In a geo-level model, each geo has its own incremental outcome, ROI, and
response curve. You can think of each example as representing a single geo.
National-level results are obtained by aggregating across geos. Each of these
methods has a selected_geos argument, which allows the user to specify a
subset of geos to include in the metric definition.
Incremental outcome
For each media channel, the incremental_outcome method compares the expected
outcome under two counterfactual scenarios. In one scenario, the media units are
set to the historical values. In the other scenario, the media units are set
to zero for some or all time periods.
The media_selected_times argument determines the time periods over which the
media units are set to zero.
The selected_times argument determines the time range over which the
incremental outcome is measured.
Using input_data
The default incremental outcome definition sets media_selected_times to be all
time periods, including both the "modeling window" and "pre-modeling window".
(The input_data media units can optionally include a "pre-modeling window",
which allows the model to properly take into account the lagged effect of these
units.)
The default selected_times is all time periods in the "modeling window", which
means that the incremental outcome is aggregated over all time periods in the
"modeling window".
The input_data may contain media units during a "pre-modeling window" to
account for lagged effects. The "pre-modeling window" does not contain any data
besides media units, which is why cells are blank in the illustration.

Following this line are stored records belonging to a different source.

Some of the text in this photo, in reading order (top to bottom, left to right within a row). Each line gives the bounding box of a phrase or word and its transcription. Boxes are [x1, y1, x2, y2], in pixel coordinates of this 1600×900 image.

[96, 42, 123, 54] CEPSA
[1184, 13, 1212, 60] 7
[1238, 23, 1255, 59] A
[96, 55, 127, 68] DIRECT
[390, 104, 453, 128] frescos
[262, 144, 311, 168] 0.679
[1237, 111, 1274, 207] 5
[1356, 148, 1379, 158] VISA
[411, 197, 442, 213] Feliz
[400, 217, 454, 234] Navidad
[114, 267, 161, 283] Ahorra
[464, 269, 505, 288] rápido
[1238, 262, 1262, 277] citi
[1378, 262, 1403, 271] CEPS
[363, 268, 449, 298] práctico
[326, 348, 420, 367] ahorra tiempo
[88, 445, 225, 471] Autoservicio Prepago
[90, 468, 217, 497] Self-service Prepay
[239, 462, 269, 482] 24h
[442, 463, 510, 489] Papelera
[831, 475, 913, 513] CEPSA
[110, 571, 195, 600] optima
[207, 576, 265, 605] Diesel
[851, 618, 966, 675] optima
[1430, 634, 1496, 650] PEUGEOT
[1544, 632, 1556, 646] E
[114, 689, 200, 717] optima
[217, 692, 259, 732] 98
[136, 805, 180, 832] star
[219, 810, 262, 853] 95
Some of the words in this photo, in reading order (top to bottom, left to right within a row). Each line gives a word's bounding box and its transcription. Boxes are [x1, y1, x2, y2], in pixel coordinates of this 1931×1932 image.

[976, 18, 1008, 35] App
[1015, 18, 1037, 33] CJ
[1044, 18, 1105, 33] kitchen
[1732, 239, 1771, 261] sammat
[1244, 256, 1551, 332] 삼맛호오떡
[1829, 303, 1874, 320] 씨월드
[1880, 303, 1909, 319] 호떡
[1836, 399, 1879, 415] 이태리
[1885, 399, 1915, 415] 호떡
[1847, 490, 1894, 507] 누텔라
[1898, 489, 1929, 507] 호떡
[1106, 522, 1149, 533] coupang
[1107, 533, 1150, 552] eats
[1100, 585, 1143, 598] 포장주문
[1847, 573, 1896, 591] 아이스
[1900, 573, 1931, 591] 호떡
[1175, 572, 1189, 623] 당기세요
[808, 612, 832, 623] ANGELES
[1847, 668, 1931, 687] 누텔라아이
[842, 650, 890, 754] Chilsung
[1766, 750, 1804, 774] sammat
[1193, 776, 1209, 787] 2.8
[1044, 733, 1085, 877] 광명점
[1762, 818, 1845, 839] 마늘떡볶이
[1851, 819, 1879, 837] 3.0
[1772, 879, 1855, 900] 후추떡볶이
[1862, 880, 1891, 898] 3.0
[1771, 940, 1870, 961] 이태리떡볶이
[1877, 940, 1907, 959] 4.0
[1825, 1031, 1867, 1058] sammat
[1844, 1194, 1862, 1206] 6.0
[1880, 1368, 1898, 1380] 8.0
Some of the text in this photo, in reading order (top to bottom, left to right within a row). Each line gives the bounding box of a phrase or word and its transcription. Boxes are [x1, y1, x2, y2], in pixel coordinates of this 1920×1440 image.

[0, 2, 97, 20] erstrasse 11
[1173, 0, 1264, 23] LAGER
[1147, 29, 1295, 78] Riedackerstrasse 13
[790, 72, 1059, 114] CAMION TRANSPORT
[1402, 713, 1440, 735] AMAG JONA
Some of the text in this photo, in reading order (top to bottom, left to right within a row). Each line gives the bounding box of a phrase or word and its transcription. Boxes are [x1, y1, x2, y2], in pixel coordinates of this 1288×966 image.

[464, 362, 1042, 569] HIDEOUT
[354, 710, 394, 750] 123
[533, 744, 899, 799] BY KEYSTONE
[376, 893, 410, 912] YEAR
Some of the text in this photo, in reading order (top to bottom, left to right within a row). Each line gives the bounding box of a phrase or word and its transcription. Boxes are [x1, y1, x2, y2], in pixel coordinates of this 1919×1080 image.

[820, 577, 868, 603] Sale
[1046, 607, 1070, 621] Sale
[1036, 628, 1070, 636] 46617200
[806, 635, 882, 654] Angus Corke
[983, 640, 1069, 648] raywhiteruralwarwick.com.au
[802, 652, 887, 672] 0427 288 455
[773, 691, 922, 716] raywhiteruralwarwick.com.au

Using input_data with modified selected_times and media_selected_times
In order to understand the use of new_data in incremental_outcome and other
methods, it is important to understand the selected_times and
media_selected_times arguments.
In this example, media_selected_times is set to a single time period (week 0).
Meanwhile, selected_times is set to be weeks 0 through 3. This example
illustrates a scenario where max_lag is set to 3 in the ModelSpec, so the
incremental outcome must be zero for weeks 4 and beyond. As a result, this
combination of media_selected_times and selected_times captures the full
long term impact of the week 0 media units.

Using new_data with a new time window
When new_data is passed with a different number of time periods than the
input_data, then there is no "pre-modeling window". It is assumed that
media units are zero for all time periods prior to the new_data time window.
The default incremental outcome definition sets both media_selected_times and
selected_times to be all time periods in the new_data time window.

ROI
For each media channel, the roi method divides the incremental outcome
generated during selected_times by the spend during selected_times. The
roi method does not have a media_selected_times argument. The incremental
outcome compares the counterfactual where media units are set to historical
values against the counterfactual where media units are set to zero for all time
periods.
Using input_data
By default, selected_times is set to the entire "modeling window". The
counterfactual sets media units to zero for all time periods in both the
"modeling window" and "pre-modeling window".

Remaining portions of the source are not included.